La prima è di non aver compreso che il capitale e la tecnica sono da decenni i due erosori della concezione politica dello Stato. Quando lui, euforicamente festeggia dicendo che “Sono già estinti i partiti!”, non sa che altri stanno celebrando questa dipartita, come ad esempio Milton Friedman quando candidamente afferma: “Il merito del mercato è quello di ridurre enormemente il numero delle questioni che devono essere decise per via politica”. Bastava che avesse studiato Carl Schmitt e la neutralizzazione del Politico, per capire che qualcosa non andava nel suo esiziale fervore. E questa micidiale miscela è esplosa proprio in questo periodo di emergenza virale, con le conseguenze economiche e le disposizioni tecniche attuate.
La seconda è di aver confidato proprio “nell’uomo della strada” da attivare in ambito politico, e non facendo i conti con quella democrazia che personalmente ritengo un’infezione dello spirito. La dimostrazione è di una semplicità disarmante, e voglio esprimerla nel modo più rozzo possibile: prendi un fallito socialmente o morto di fame, lo attivi nella sua fatuità narcisista, lo ipnotizzi per sovvertire il potere, gli fai assaporare gli agi, i privilegi e le glorie di quel potere, poi lo svegli e vedi se è disposto a cambiarlo. I 5S dimostrano che l’operazione è riuscita.

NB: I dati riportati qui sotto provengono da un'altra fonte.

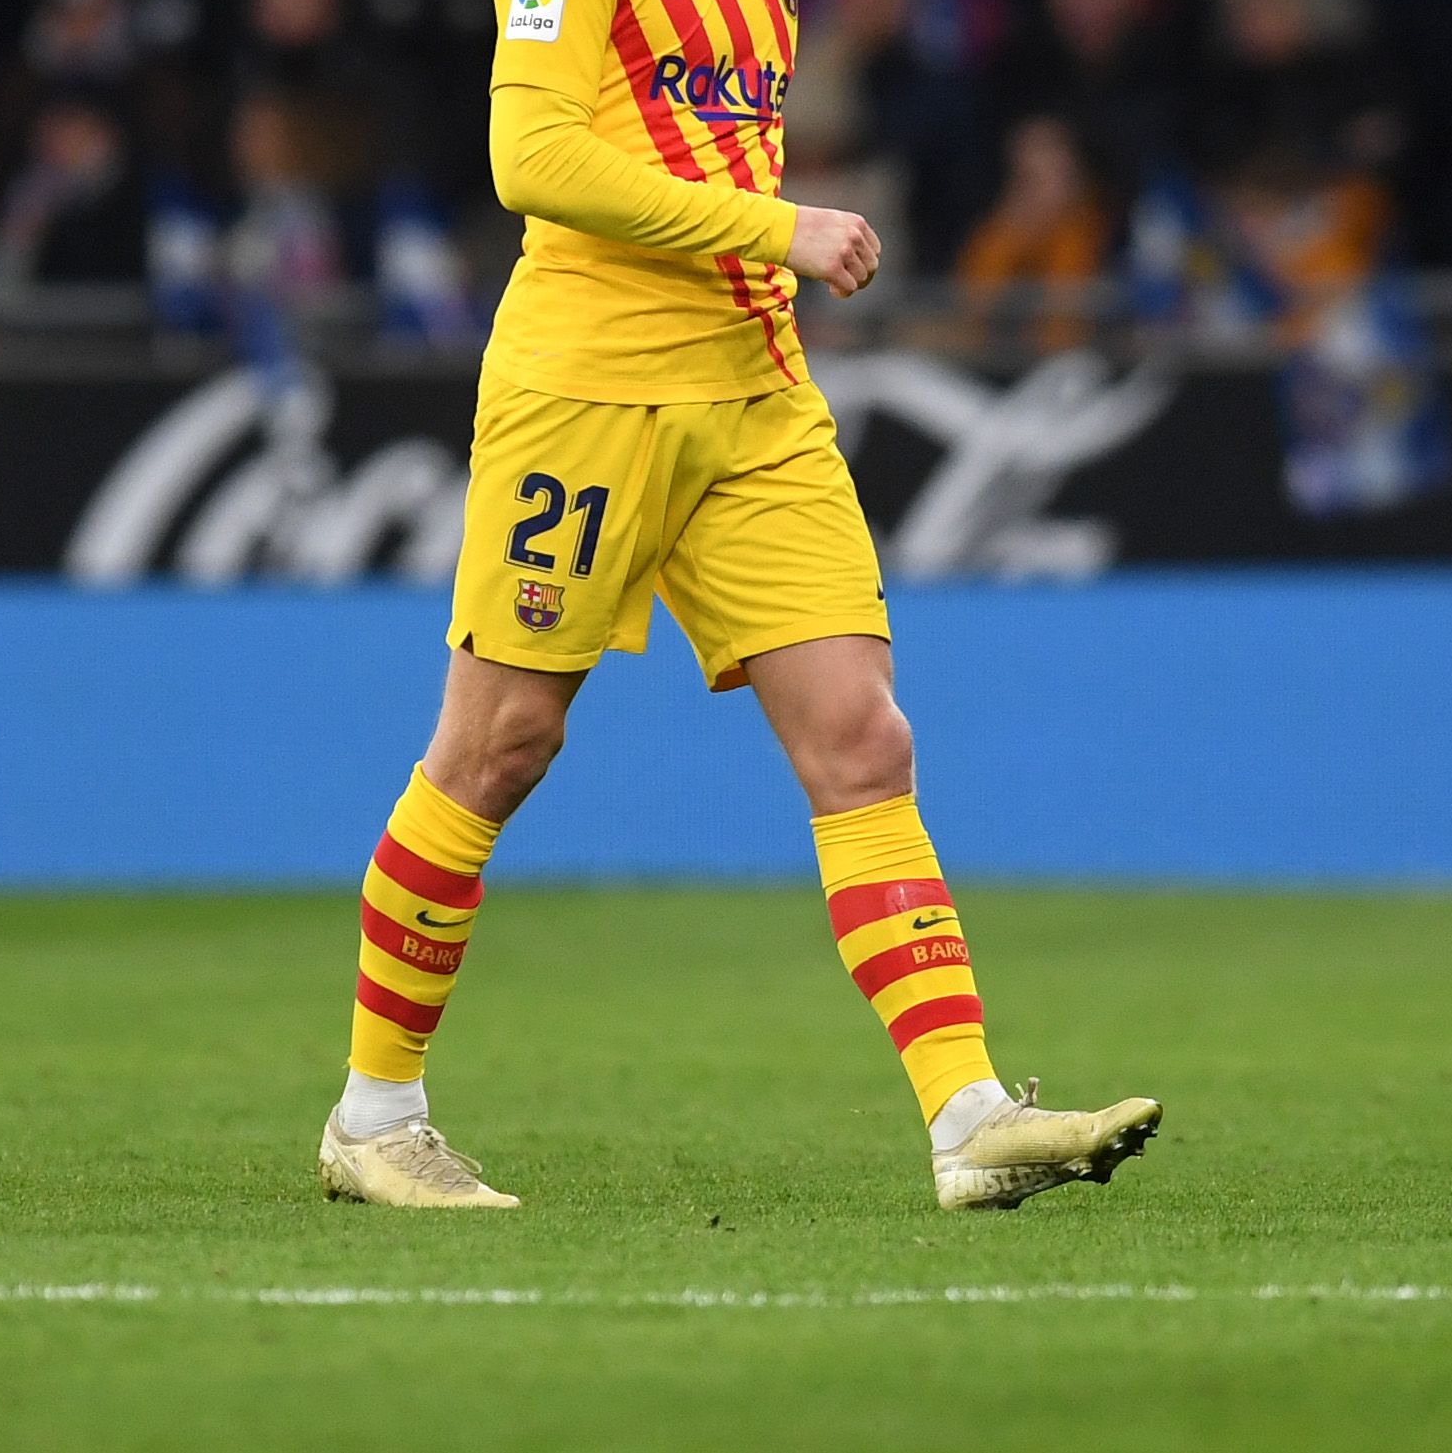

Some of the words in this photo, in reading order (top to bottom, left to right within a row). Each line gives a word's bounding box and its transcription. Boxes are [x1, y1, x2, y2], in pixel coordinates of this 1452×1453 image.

La fine della prima repubblica con l’operazione equivoca di “Mani pulite” ha dimostrato che esiste una disonestà intelligente con il senso dello Stato e l’attuale disonestà ottusa con l’interesse personale.
Quando Grillo, giustamente, attaccava la pirateria dei mercati, lo strozzinaggio della finanza, la protervia dei poteri forti, ha peccato di ingenuità pensando di opporsi a questo sistema corrotto e affamatore liquidando la politica. È quello che volevano, ed è esattamente il contrario che si doveva fare. Tre nomi in fila per capire esattamente cosa intendo: Enrico Mattei, Aldo Moro, Bettino Craxi. Tre pilastri della storia italiana che con diverse funzioni hanno fatto delle operazioni politiche che sono costate loro la morte e l’esilio.
Grillo ha creduto che dei dilettanti potessero essere più genuini e sinceri dei politici antichi, perciò meno attaccabili. Aveva ragione, questi suoi rappresentanti fallimentari non sono attaccati, sono stati semplicemente comprati.
Per concludere con una precisazione culturale, Grillo è vittima complice di quella eterogenesi dei fini per la quale le sue azioni iniziali sono arrivate a delle conclusioni esattamente opposte.
Colpa, quindi non dolo, che però lo dovrebbe portare a tacere per sempre come residuo di dignità e liquidare quella sua creatura abnorme e ignobile che è il Movimento 5S.